• Work instructions: No pictures belong in the copy. Restate the rest of the data exactly.

• Records for processing:
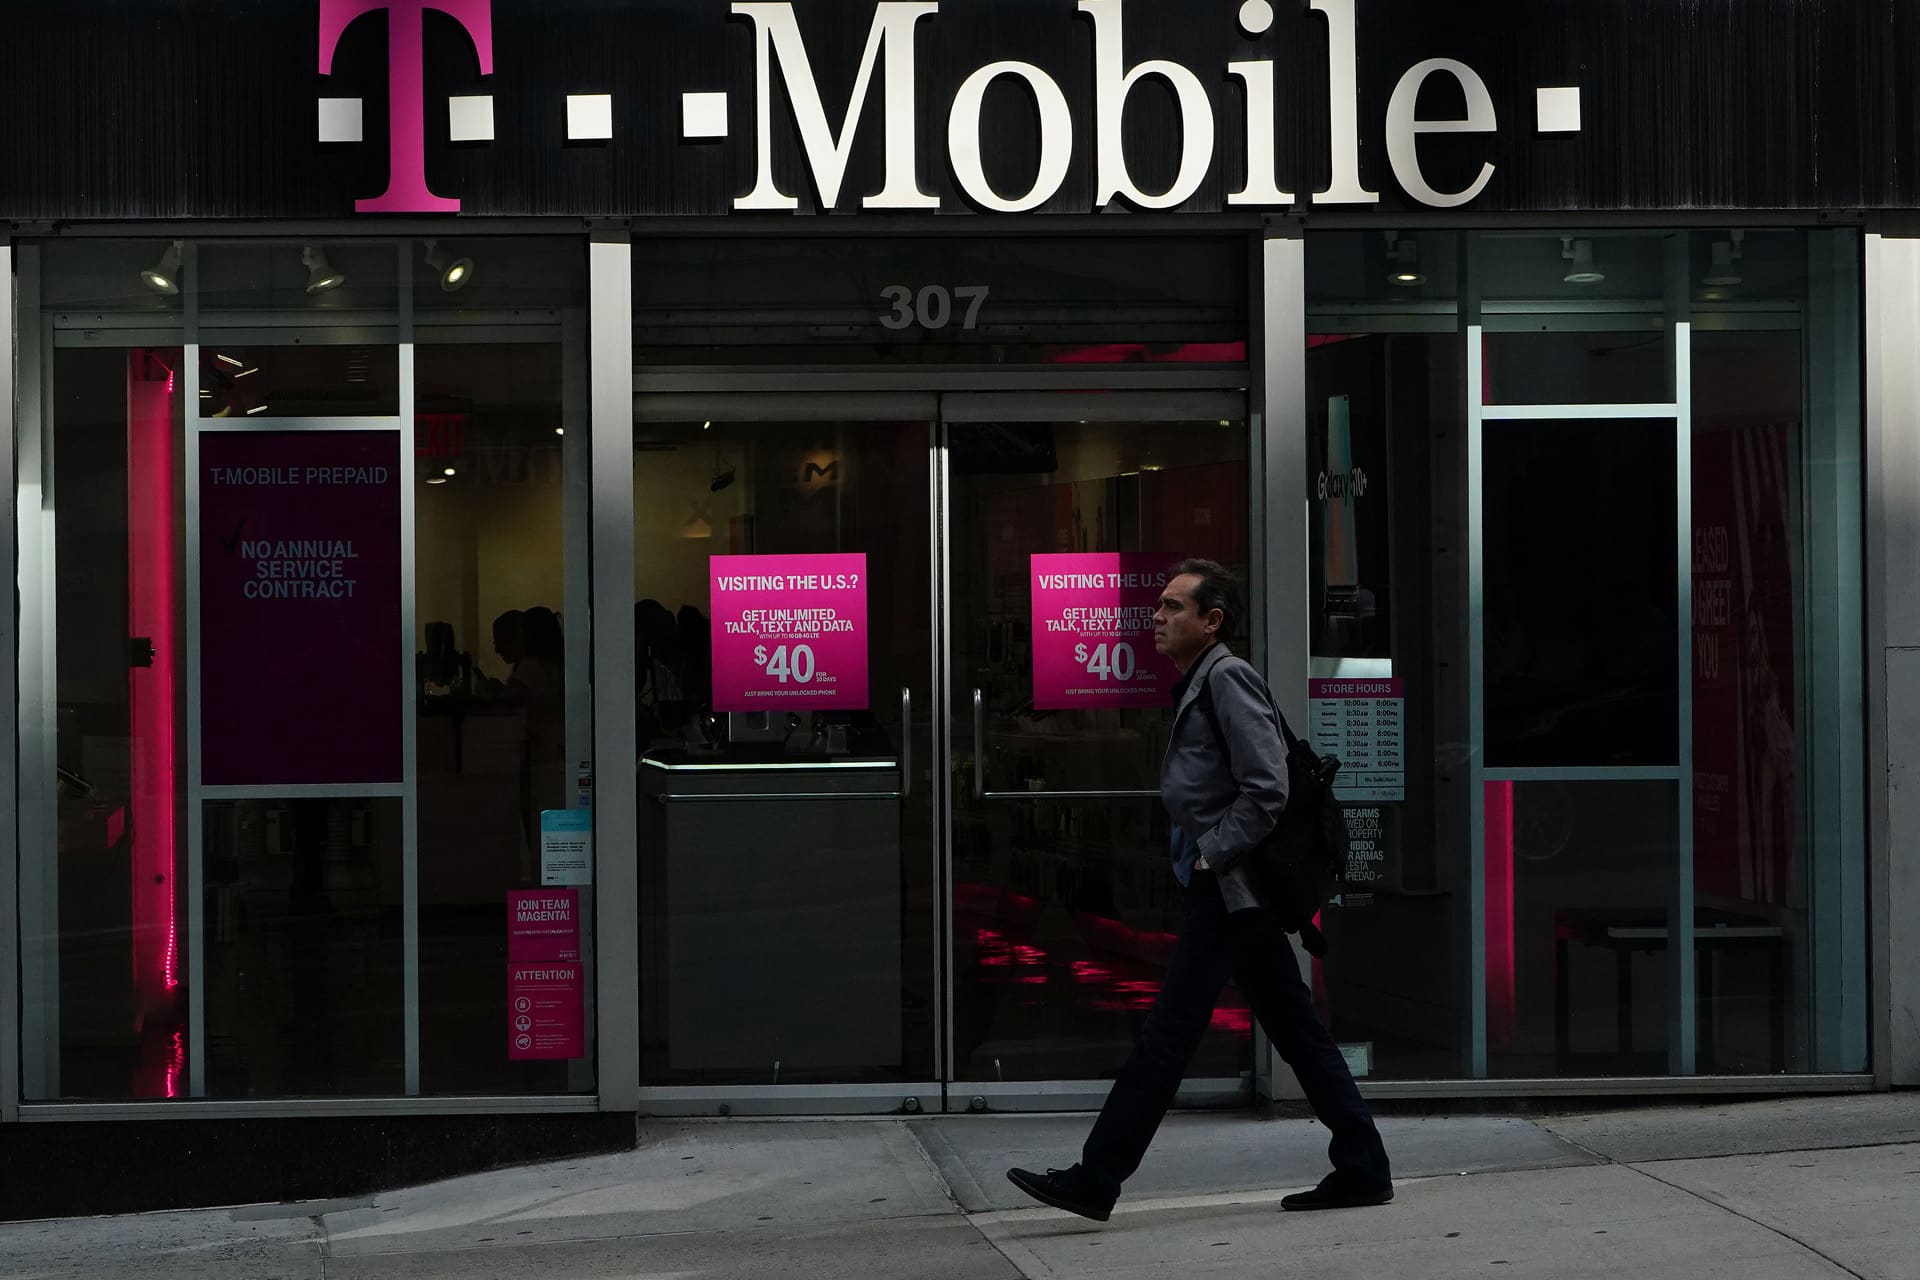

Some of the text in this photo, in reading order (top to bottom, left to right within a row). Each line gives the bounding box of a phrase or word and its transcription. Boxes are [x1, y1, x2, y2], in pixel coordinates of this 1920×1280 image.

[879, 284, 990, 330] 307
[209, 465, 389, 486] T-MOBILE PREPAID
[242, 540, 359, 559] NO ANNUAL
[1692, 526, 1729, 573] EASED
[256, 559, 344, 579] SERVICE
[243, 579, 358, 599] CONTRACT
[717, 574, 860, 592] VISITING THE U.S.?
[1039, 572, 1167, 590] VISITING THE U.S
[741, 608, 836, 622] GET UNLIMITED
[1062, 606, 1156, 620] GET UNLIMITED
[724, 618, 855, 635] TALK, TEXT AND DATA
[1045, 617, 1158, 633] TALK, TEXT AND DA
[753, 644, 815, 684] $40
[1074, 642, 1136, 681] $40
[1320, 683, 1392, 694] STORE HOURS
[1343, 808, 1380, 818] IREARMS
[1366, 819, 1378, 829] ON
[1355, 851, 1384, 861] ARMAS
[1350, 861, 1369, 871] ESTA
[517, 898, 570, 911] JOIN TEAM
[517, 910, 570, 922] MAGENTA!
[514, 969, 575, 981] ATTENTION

• Task answer:
Some of the text in this photo, in reading order (top to bottom, left to right within a row). Each line gives the bounding box of a phrase or word and its transcription. Boxes are [x1, y1, x2, y2], in pixel coordinates of this 1920×1280 image.

[879, 284, 990, 330] 307
[209, 465, 389, 486] T-MOBILE PREPAID
[242, 540, 359, 559] NO ANNUAL
[1692, 526, 1729, 573] EASED
[256, 559, 344, 579] SERVICE
[243, 579, 358, 599] CONTRACT
[717, 574, 860, 592] VISITING THE U.S.?
[1039, 572, 1167, 590] VISITING THE U.S
[741, 608, 836, 622] GET UNLIMITED
[1062, 606, 1156, 620] GET UNLIMITED
[724, 618, 855, 635] TALK, TEXT AND DATA
[1045, 617, 1158, 633] TALK, TEXT AND DA
[753, 644, 815, 684] $40
[1074, 642, 1136, 681] $40
[1320, 683, 1392, 694] STORE HOURS
[1343, 808, 1380, 818] IREARMS
[1366, 819, 1378, 829] ON
[1355, 851, 1384, 861] ARMAS
[1350, 861, 1369, 871] ESTA
[517, 898, 570, 911] JOIN TEAM
[517, 910, 570, 922] MAGENTA!
[514, 969, 575, 981] ATTENTION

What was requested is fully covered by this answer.